Ian Millhiser, Policy Analyst at the Center for American Progress, said:
Of course this is just a political stunt.  Even ultra-conservative Justice Scalia said, in Gonzales v. Raich, that the Constitution gives Congress sweeping authority to regulate "economic activity"--and it is laughable to claim that a bill to regulate the national health insurance market doesn't regulate economic activity.  The question Americans should be asking is why, at a time when many states are being forced to lay off teachers to make ends meet, over a dozen state attorneys general are about to waste millions of taxpayer dollars to litigate a frivolous lawsuit.

Justin Raimondo,
editorial director of, said:
A great deal if not most of the legislation passed since the New Deal has been and remains unconstitutional -- e.g., where in the Constitution does it say the government has the "right" to impose the forced savings called "Social Security"? -- but that hasn't stopped anyone.
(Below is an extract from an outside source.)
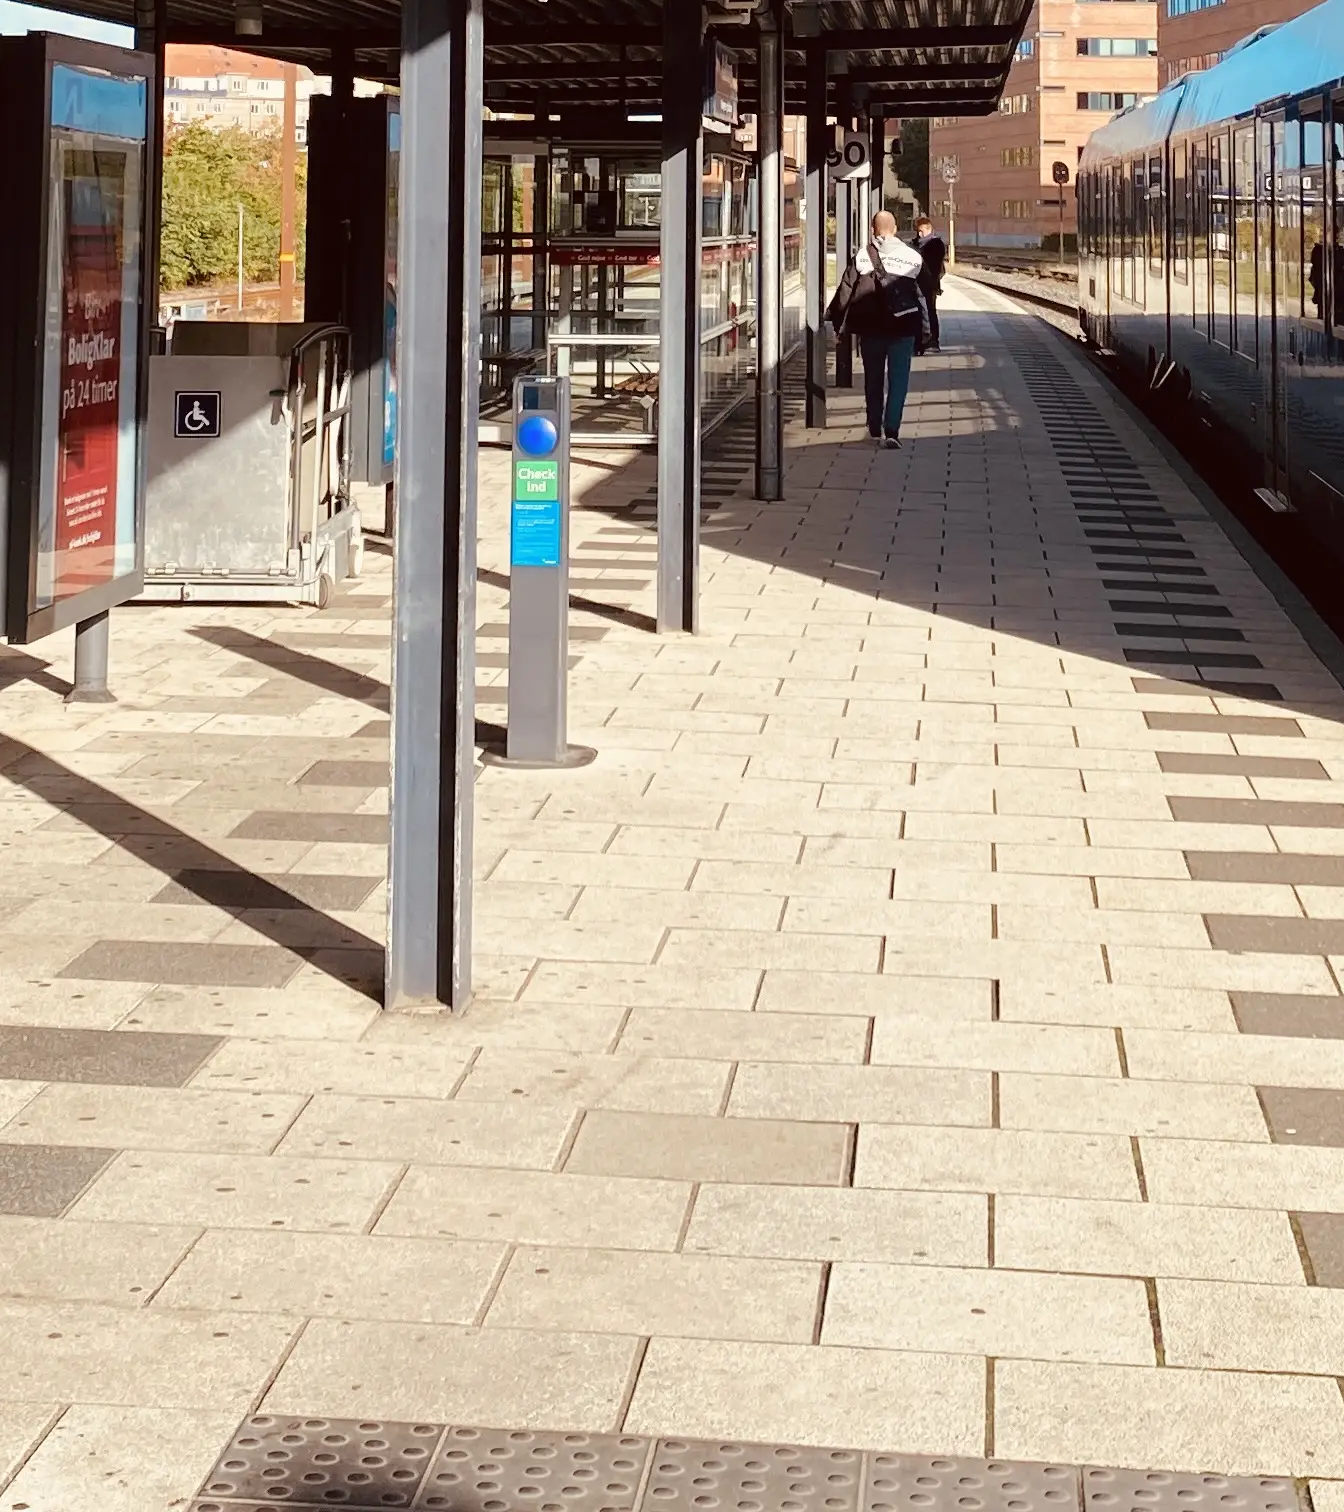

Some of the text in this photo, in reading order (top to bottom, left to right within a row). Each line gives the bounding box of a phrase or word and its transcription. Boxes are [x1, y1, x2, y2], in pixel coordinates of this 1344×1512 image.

[67, 331, 116, 370] BoligKlar
[63, 375, 118, 419] på 24 timer
[518, 468, 556, 480] Check
[526, 480, 547, 492] ind
The Constitution is an archaic parchment trotted out on special occasions for ritualistic purposes, and then put back under glass and steadfastly ignored. Where in the Constitution does the President have the power to send tens of thousands of troops overseas in an undeclared war -- and doesn't that document say only Congress has the power to make war? Again, the Constitution is politely but firmly ignored.
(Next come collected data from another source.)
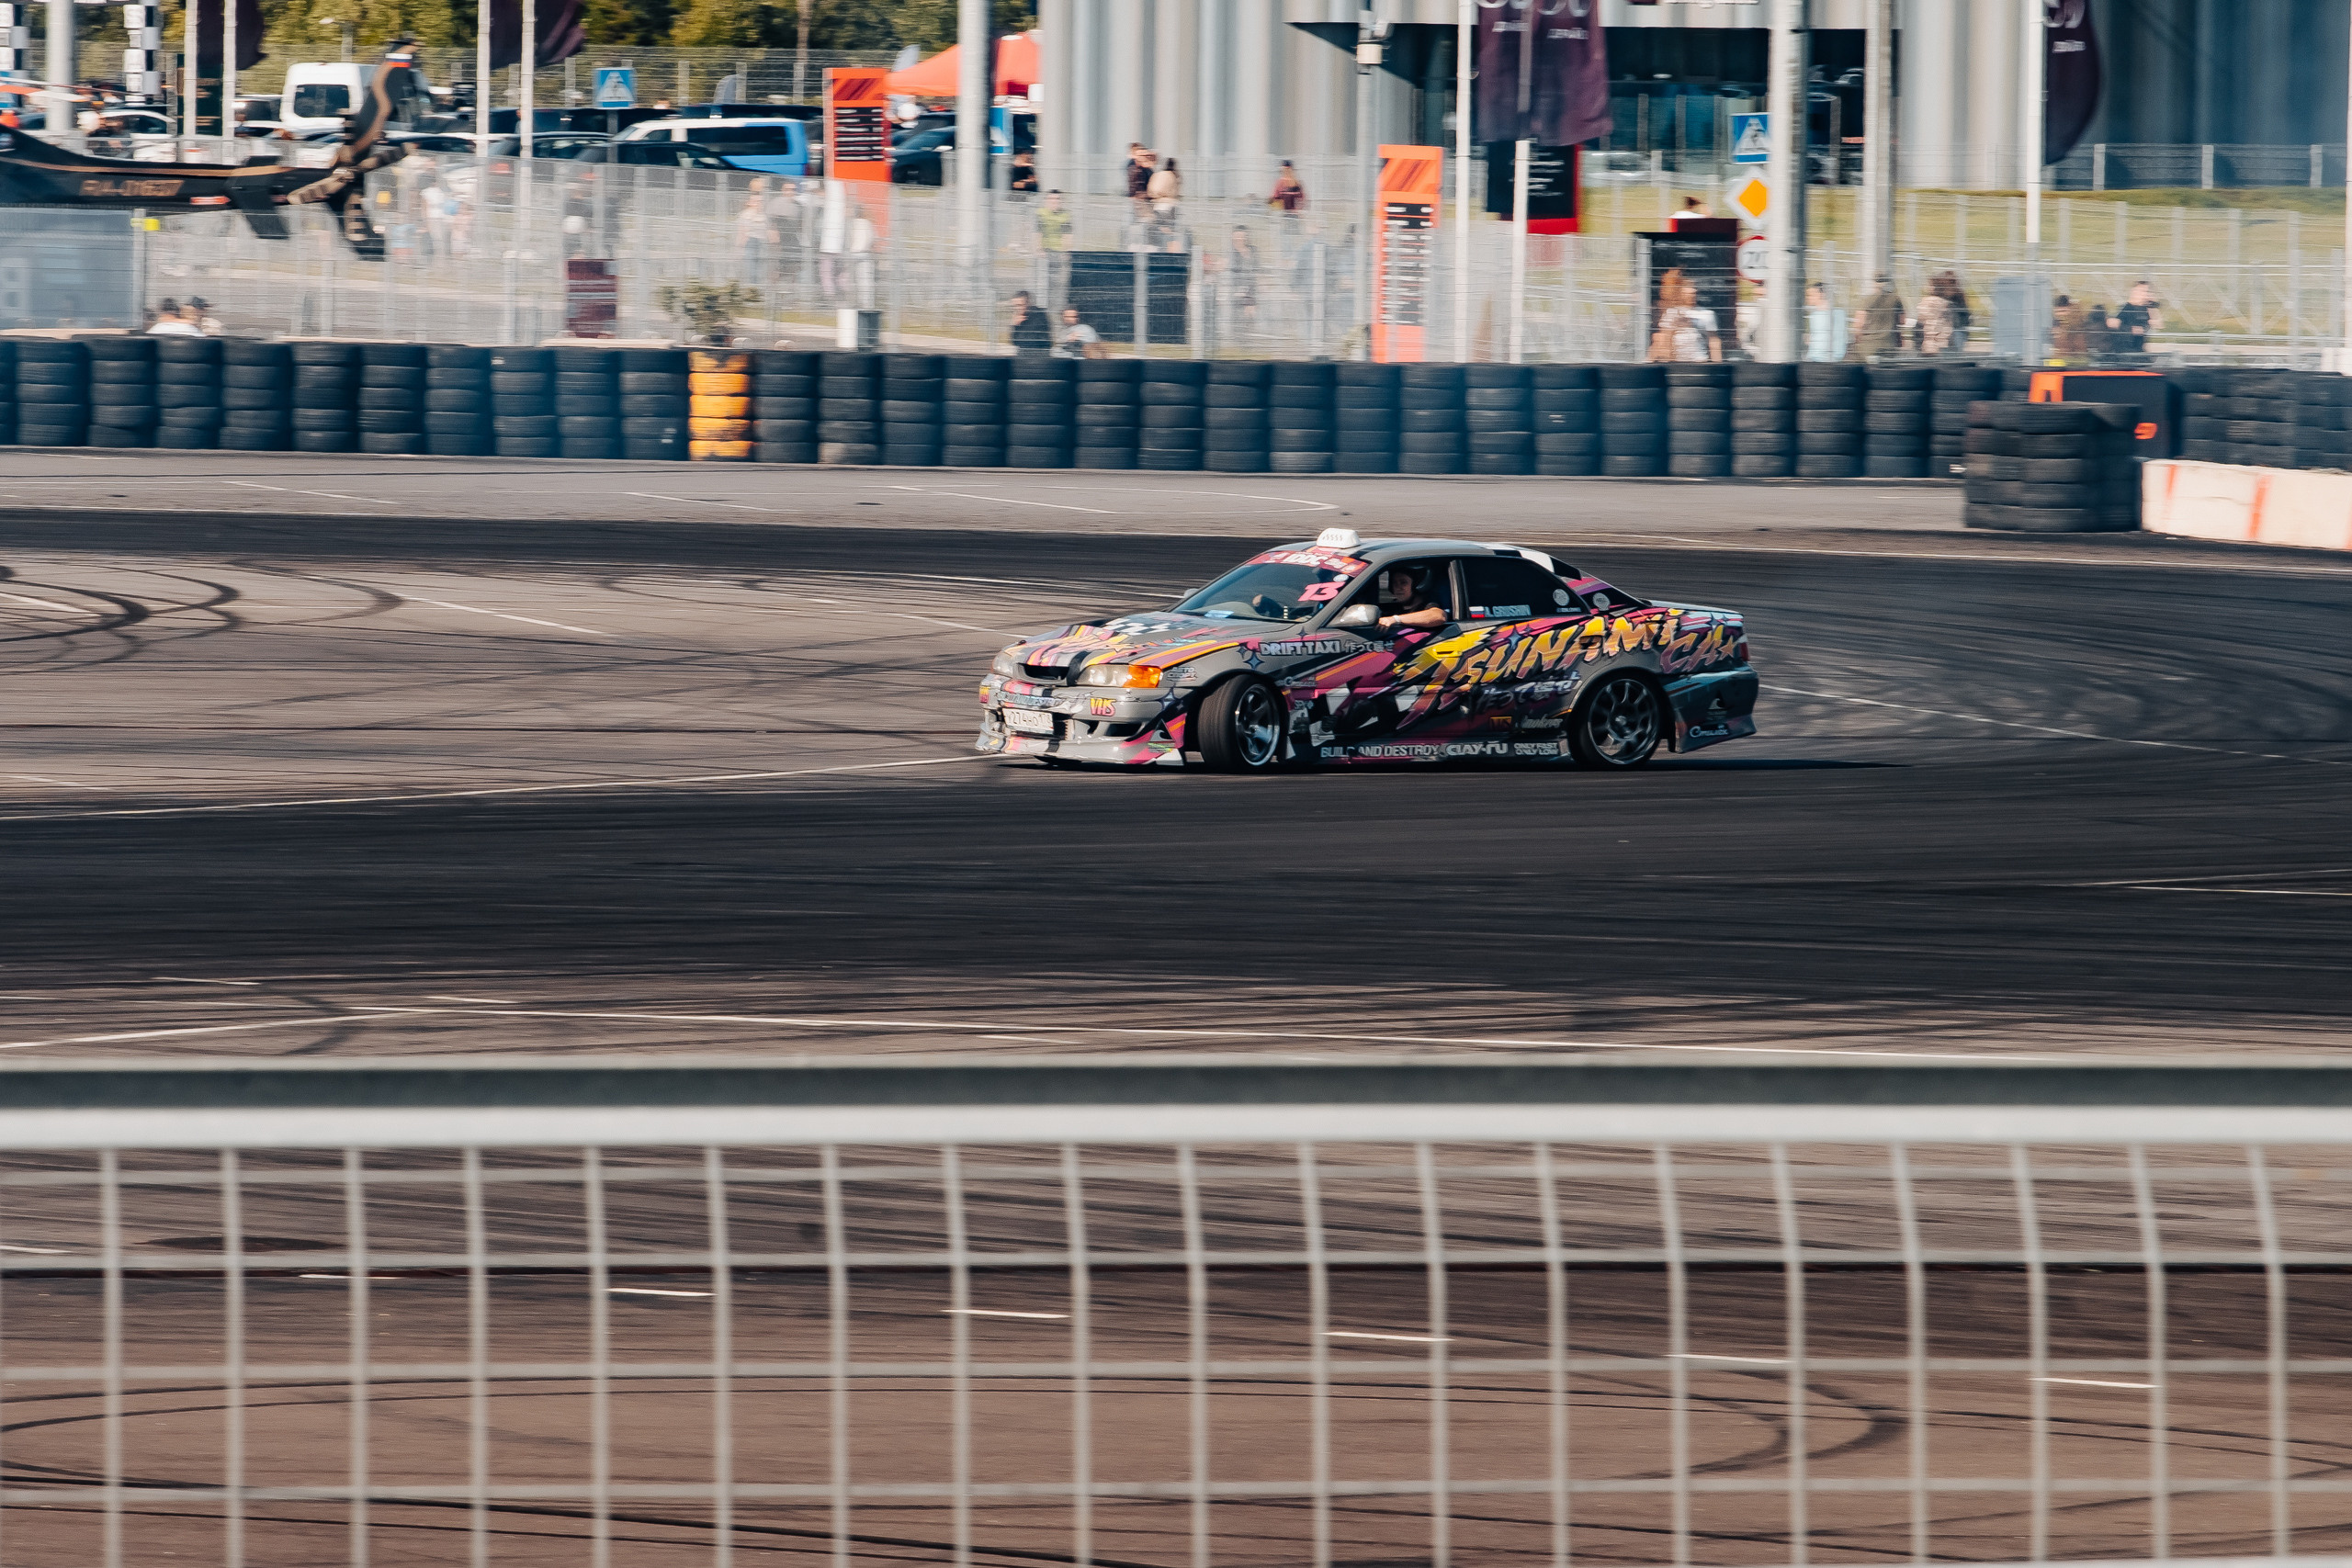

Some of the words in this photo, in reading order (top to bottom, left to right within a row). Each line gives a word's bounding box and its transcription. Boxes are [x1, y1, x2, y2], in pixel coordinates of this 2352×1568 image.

[1298, 581, 1346, 602] 13
[1260, 641, 1303, 655] DRIFT
[1305, 640, 1340, 654] TAXI
[1389, 608, 1683, 716] TSUNAMI
[1091, 697, 1116, 716] VHS
[1358, 745, 1383, 757] AND
So the answer to the question is: yes, healthcare "reform" making the purchase of insurance mandatory is indeed unconstitutional. The problem is that nobody cares about the Constitution -- and if they started caring now, at this late date, they'd have to repeal most of the "social" legislation of the past seventy years.

Frank Askin, professor of law at Rutgers University, said:
I would call it a political stunt. They are confusing their policy preferences and constitutional law. While I would be the last one to provide assurances as to what the right-wing Supreme Court majority might do (I was certain the court would never stop the counting of Florida ballots and the appoint George W. Bush president in 2000), there is no support in constitutional law or history for the challenges to the healthcare legislation.

Bill Press, host of the "Bill Press Show" and a contributor to The Hill Pundits Blog, said:
Please, get serious. This is nothing but an attempt by publicity-hungry Republican attorneys general, all of whom are planning on or already running for higher office, to get their mugs on national television.

Alan Abramowitz, professor of political science at Emory University, said:
In my opinion it is clearly more of a political stunt. There is little or no chance that the courts will rule the healthcare reform law unconstitutional. I believe that all of these state AGs are Republicans and that several of them are either running for reelection or for governor. These lawsuits are a good way of building support among conservative primary voters and donors, although they carry some risk of alienating voters who stand to benefit from provisions such as allowing coverage of children up to age 26, prescription aid to seniors in the donut hole, and barring exclusion of children with preexisting medical conditions from coverage.  

John Feehery
, The Hill Pundits Blog contributor, said:
If it is a political stunt, it is a risky one. I am not a constitutional scholar, but it seems that there are some legitimate issues being raised here, especially the idea that the federal government can force you to buy a product from a private-sector company. What's next? A mandate to eat at least five servings of broccoli a week? But if this is seen as merely as a political exercise, I don't think the voters will react particularly well to it.

Peter Fenn, Democratic strategist, said:
Big-time political stunt  —  have any of these folks ever taken a constitutional law class?